1991:  The breakup of the USSR was due to internal forces, a succession of short term leaders, Gorbachev's reforms, an economic crisis, an unpopular war in Afghanistan and possibly Chernobyl.  Crediting Reagan is popular in a country that believes the US must be responsible for everything but in reality his only contribution was overspending on defense, a minor factor.

Democrats have Forgotten...
Late 1940s:  With his acting career drying up, Reagan offered up the names of many Hollywood associates (competitors?) to the McCarthyites. 
1966:  Reagan declared that the Civil Rights Act of 1964 was a mistake. He advocated repeal of California's anti-discrimination law, stating "If an individual wants to discriminate against Negroes or is his right to do so."
1980:  Reagan's campaign negotiated a DELAY in releasing the American hostages from Iran until after the election.  In exchange, the secret flow of weapons to Iran began within days.
1981:  Reagan attracted Southern Democrats to the Republican party by calculated appeals to white racism.
1981:  In his first year, Reagan fired 12,000 air traffic controllers and broke their union.
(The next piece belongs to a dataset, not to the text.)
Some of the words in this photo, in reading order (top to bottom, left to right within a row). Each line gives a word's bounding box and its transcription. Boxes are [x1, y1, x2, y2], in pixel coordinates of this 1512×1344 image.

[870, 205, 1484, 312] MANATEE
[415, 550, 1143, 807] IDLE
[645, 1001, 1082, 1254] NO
He also appointed anti-union members to the National Labor Relations Board, this though he had not only been a union member himself but president of the Screen Actors Guild.
1981-1989:  138 corrupt Reagan Administration were convicted, indicted or under investigation for felony charges, a record that will hopefully stand for a long time to come.
1983:  Payroll (Social Security and Medicare) taxes on all workers and employers raised from 9% to 15.3% over 6 years.
1986:  Reagan's Iran-Contra scheme was discovered.  Reagan's administration violated its own arms embargo and sold weapons to Iran, using the proceeds to illegally arm the Contra rebels in Nicaragua

1988:  Revelations that President Reagan based many of his presidential decisions on astrology, including the selection of Bush as his VP and signing an arms treaty with the Soviets.(Reagan consulted prominent astrologers regularly since at least the 1940s)
1989:  Reagan doubled defense spending during his presidency, a prime contributor to deficit growth in his terms.

In the 2010 election, Republican candidates were comical in their competition to win the "heir of Ronald Reagan" competition.  Even Obama quoted Reagan and seemed to strive for the most-Reaganesque ribbon.  Prospective Republican party chairs were fielded a question last month that asked their "favorite Republican other than Ronald Reagan", needing to preempt the predictable responses.

On the NPR show "This American Life", elementary students on a tour of the Reagan Library do a role play of Reagan's decision to invade Grenada in 1983.  The rigged scenario is an endorsement of this much-maligned decision to invade the tiny island.  The justification?  Grenada might have joined with Cuba and Nicaragua and attacked the US.  I say bring it on, Grenada.  We've got Paul Bunyan and his ox, Babe.